== Supplied data ==

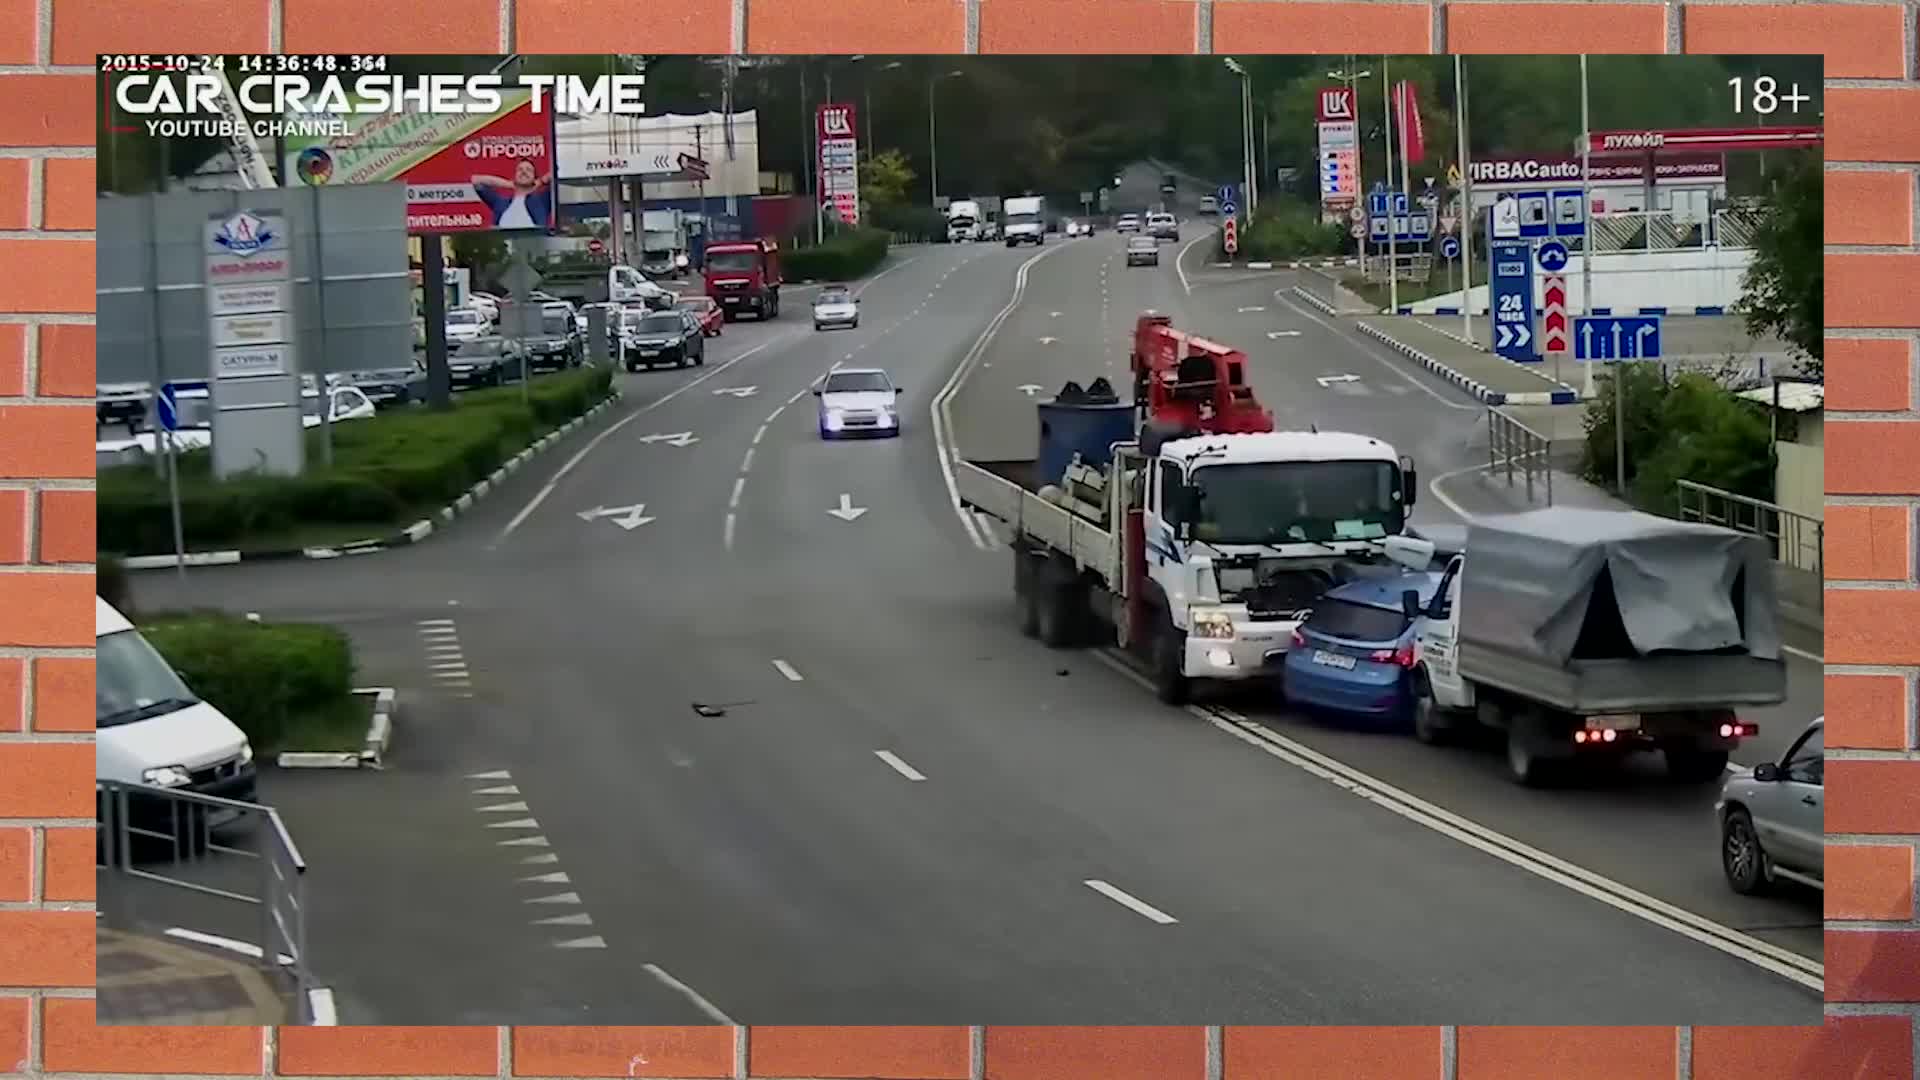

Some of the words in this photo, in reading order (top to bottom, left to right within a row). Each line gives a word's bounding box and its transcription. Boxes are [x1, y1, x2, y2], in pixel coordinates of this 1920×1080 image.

[1603, 132, 1665, 149] ЛУКОЙЛ
[482, 143, 546, 159] ПРОФИ
[419, 189, 465, 200] метров
[1500, 294, 1523, 311] 24
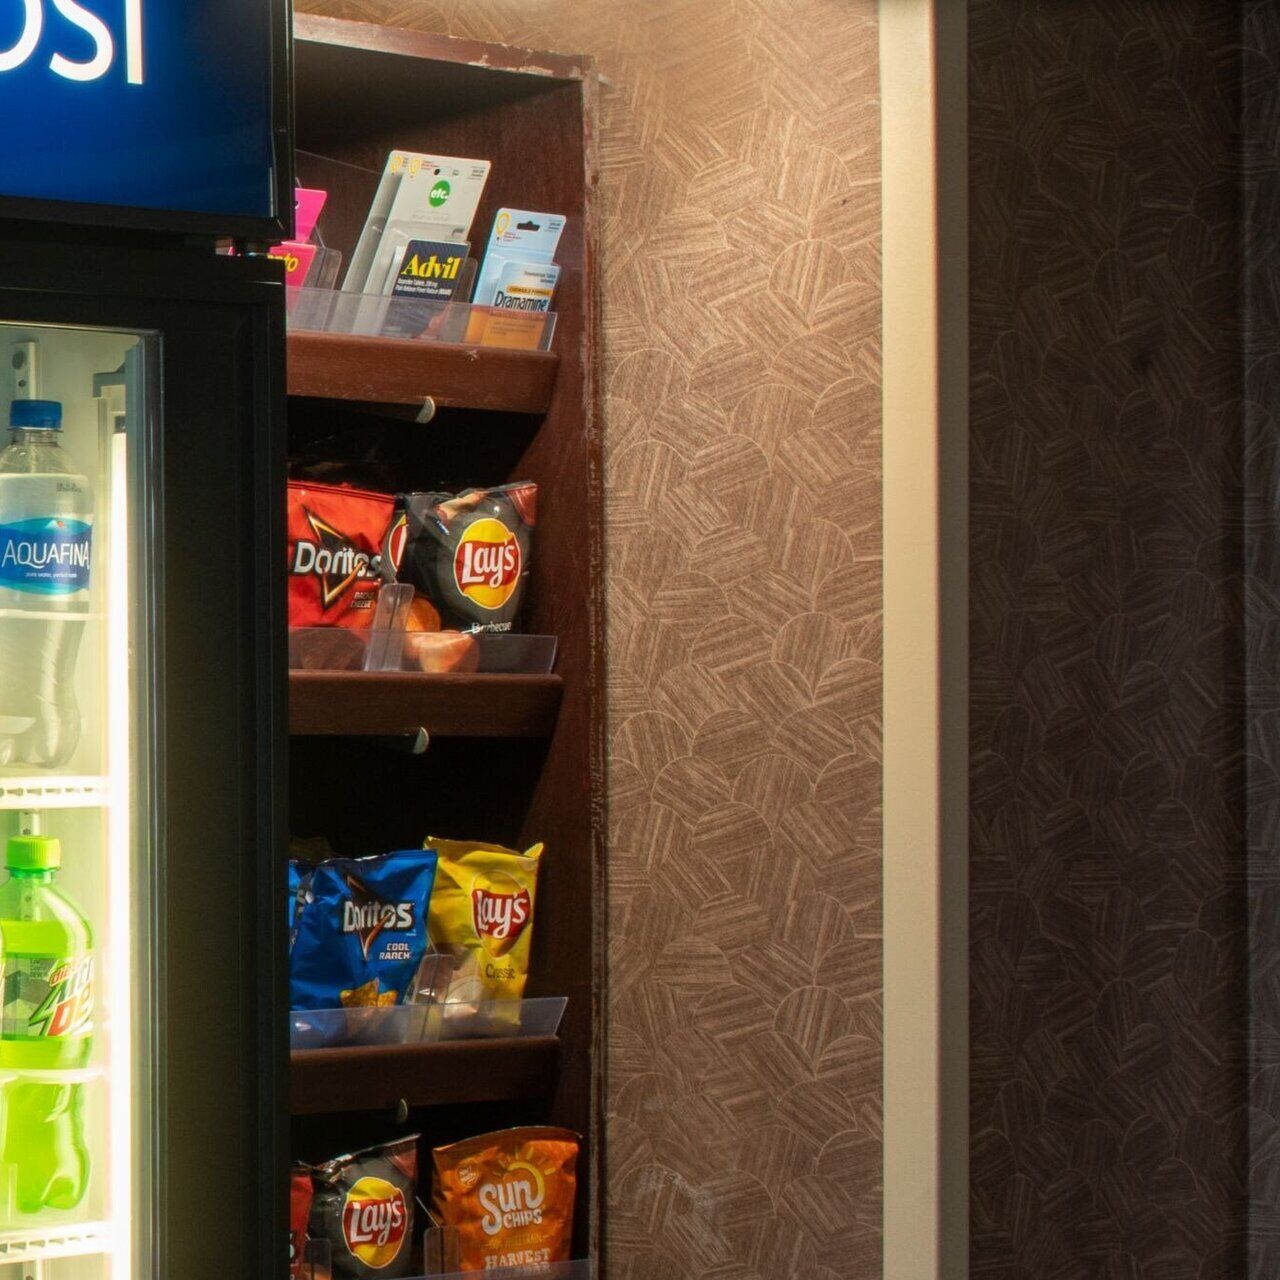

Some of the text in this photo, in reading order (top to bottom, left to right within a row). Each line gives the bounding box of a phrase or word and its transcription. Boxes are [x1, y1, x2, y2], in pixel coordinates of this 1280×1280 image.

[429, 188, 449, 201] etc.
[400, 253, 461, 280] Advil
[494, 290, 547, 312] Dramamine
[1, 539, 90, 571] AQUAFINA
[293, 541, 382, 580] Doritos
[461, 537, 515, 588] Lay's
[342, 900, 415, 932] Doritos
[477, 889, 528, 940] Lay's
[386, 942, 411, 952] COOL
[350, 1194, 403, 1246] Lay's
[479, 1179, 545, 1236] Sun
[503, 1208, 543, 1229] CHIPS
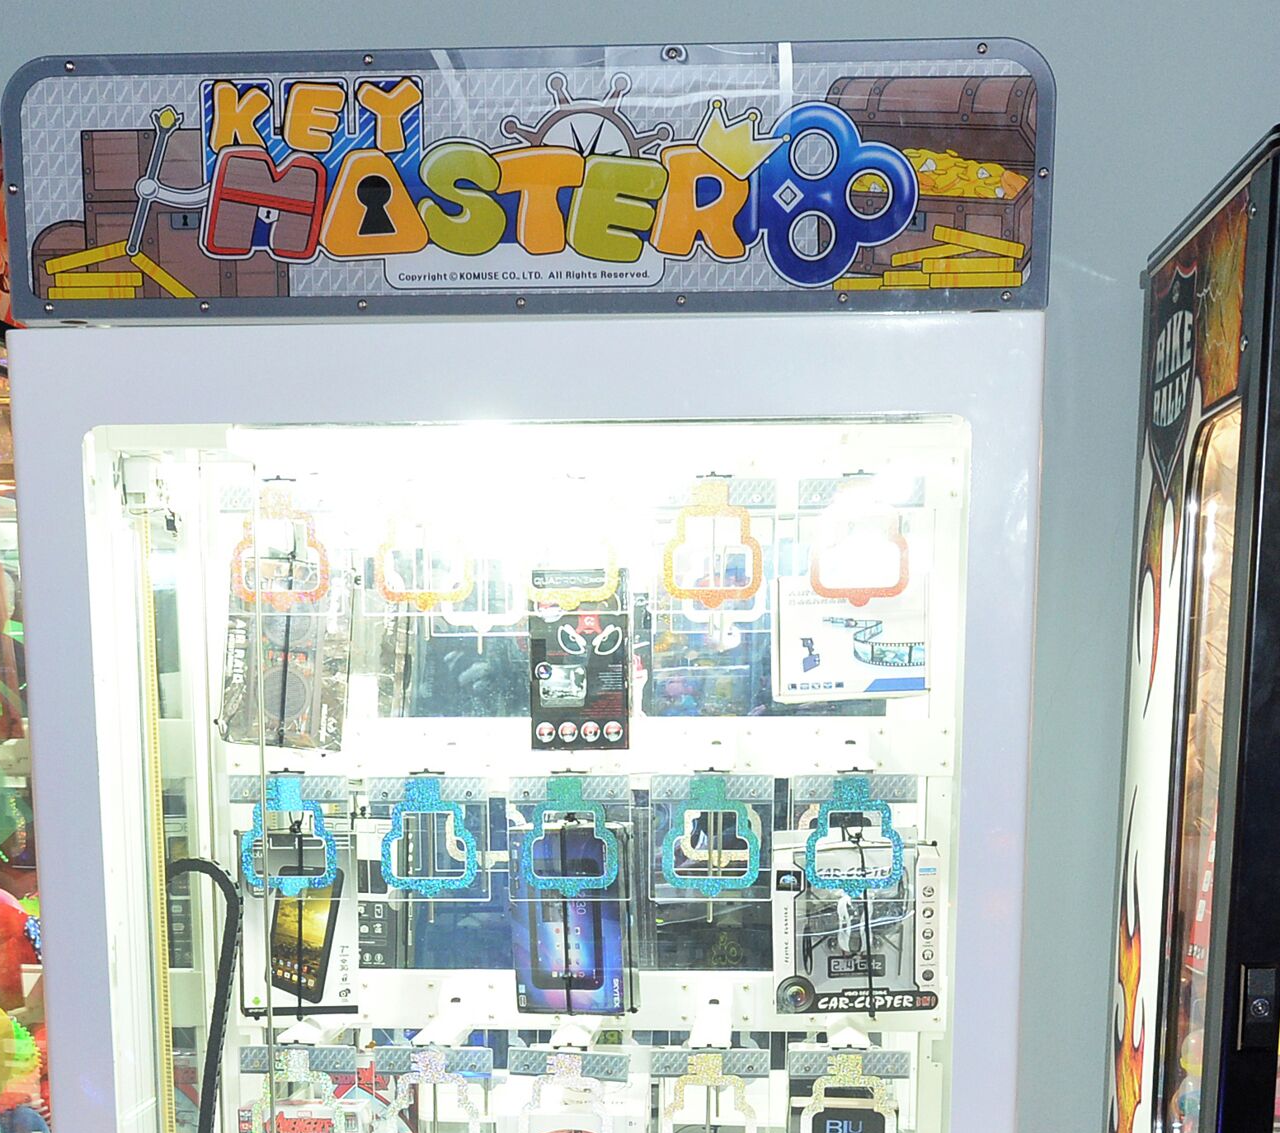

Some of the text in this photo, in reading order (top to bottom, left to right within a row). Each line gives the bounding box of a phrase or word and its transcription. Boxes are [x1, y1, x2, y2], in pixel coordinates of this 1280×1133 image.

[213, 78, 422, 152] KEY
[204, 142, 751, 263] MASTER
[398, 270, 650, 282] Copyright KOMUSE LTD. All Rights Reserved.
[1155, 309, 1193, 384] BIKE
[1152, 367, 1191, 428] RALLY
[612, 978, 620, 1008] SKYTEX

===

#### What you should do
The entries above should be reproduced exactly, without their pictures.

#### Problem solution
Some of the words in this photo, in reading order (top to bottom, left to right within a row). Each line gives a word's bounding box and its transcription. Boxes are [x1, y1, x2, y2], in pixel coordinates of this 1920×1080 image.

[1603, 132, 1665, 149] ЛУКОЙЛ
[482, 143, 546, 159] ПРОФИ
[419, 189, 465, 200] метров
[1500, 294, 1523, 311] 24

Some of the text in this photo, in reading order (top to bottom, left to right within a row). Each line gives the bounding box of a phrase or word and its transcription. Boxes are [x1, y1, x2, y2], in pixel coordinates of this 1280×1280 image.

[429, 188, 449, 201] etc.
[400, 253, 461, 280] Advil
[494, 290, 547, 312] Dramamine
[1, 539, 90, 571] AQUAFINA
[293, 541, 382, 580] Doritos
[461, 537, 515, 588] Lay's
[342, 900, 415, 932] Doritos
[477, 889, 528, 940] Lay's
[386, 942, 411, 952] COOL
[350, 1194, 403, 1246] Lay's
[479, 1179, 545, 1236] Sun
[503, 1208, 543, 1229] CHIPS

Some of the text in this photo, in reading order (top to bottom, left to right within a row). Each line gives the bounding box of a phrase or word and its transcription. Boxes are [x1, y1, x2, y2], in pixel coordinates of this 1280×1133 image.

[213, 78, 422, 152] KEY
[204, 142, 751, 263] MASTER
[398, 270, 650, 282] Copyright KOMUSE LTD. All Rights Reserved.
[1155, 309, 1193, 384] BIKE
[1152, 367, 1191, 428] RALLY
[612, 978, 620, 1008] SKYTEX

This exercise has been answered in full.